Investment Rationale

The primary beneficiary of the growth in the Sanitaryware and faucet industry: Hindware is India's one of largest bathware company with a market share of 23/6% in organized sanitaryware and faucetware market respectively. The Rs 180bn industry is likely to grow by 8% CAGR over next 3-years & HHIL having prominent market share should witness healthy growth. In 2014 Hindware ventured its product offering from Sanitaryware to faucets later due to rise in competition in the bathware segment, Hindware entered into the consumer appliances segment in 2015, and into plastic pipes and fittings in 2018. (revenue share increased from 15% FY20 to 26% 9MFY24). Hindware has lost market share due to competition. However, the company has managed to stabilize its decline in revenue market share compared to Cera, showing improvement from FY22 onwards (rising from 47% in FY21 to 57% in 9MFY24) and during the same period revenue grew at CAGR 15%. This positive trend is attributed to the successful performance of its faucetware portfolio such as coloured faucets of Gold, Rose-Gold and Chrome Black and the introduction of new sanitaryware products. These Products contributed 24% of revenue as of 9MFY24.

Expanding presence in rapidly growing pipe market: Hindware via its brand “TRUFLO” has done excellent sales growth to Rs 7.8bn in FY23 a revenue CAGR of 57% over FY19 to FY23 and we expect going forward Volume/Revenue to grow at CAGR 13/10% over FY23 to FY26E, to fuel this growth Hindware expanding and putting up the new capex in Roorkee (Uttarakhand) of  Rs 1.8bn and increasing pipes capacity by 12,500MT P.A (expandable up to 25,000MT P.A.) after this, total capacity will be 66,500MT P.A. and this project is expected to complete by 3QFY25, total addressable market for hindware will increase from Rs400bn to RS>600bn by FY26. Hindware has adjusted revenue mix to reduce dependence on Bathware sales.
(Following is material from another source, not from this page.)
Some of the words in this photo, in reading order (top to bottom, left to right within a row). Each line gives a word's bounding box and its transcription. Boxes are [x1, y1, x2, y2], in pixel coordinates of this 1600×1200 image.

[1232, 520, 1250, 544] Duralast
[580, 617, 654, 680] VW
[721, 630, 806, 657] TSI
In FY19, Bathware accounted for (76%) of revenue, but now it's down to (53%). Hindware diversified into pipes (27%), consumer products (17%) and Retail (2%) to create a more balanced income portfolio.

Improving Balance Sheet and Return Ratios: As of 1HFY24, HHIL's debt amounted to Rs8.35 billion,(Debt/Equity – 1.4x) mainly attributed to capacity enhancement and working capital requirements. While the company plans to reduce debt by Rs1 billion annually, we expect this will support the improvement in return ratio. Therefore, we project ROE/ROCE to expand to 18.8%/18.9% in FY26E, compared to 10.4%/14.8% in FY23.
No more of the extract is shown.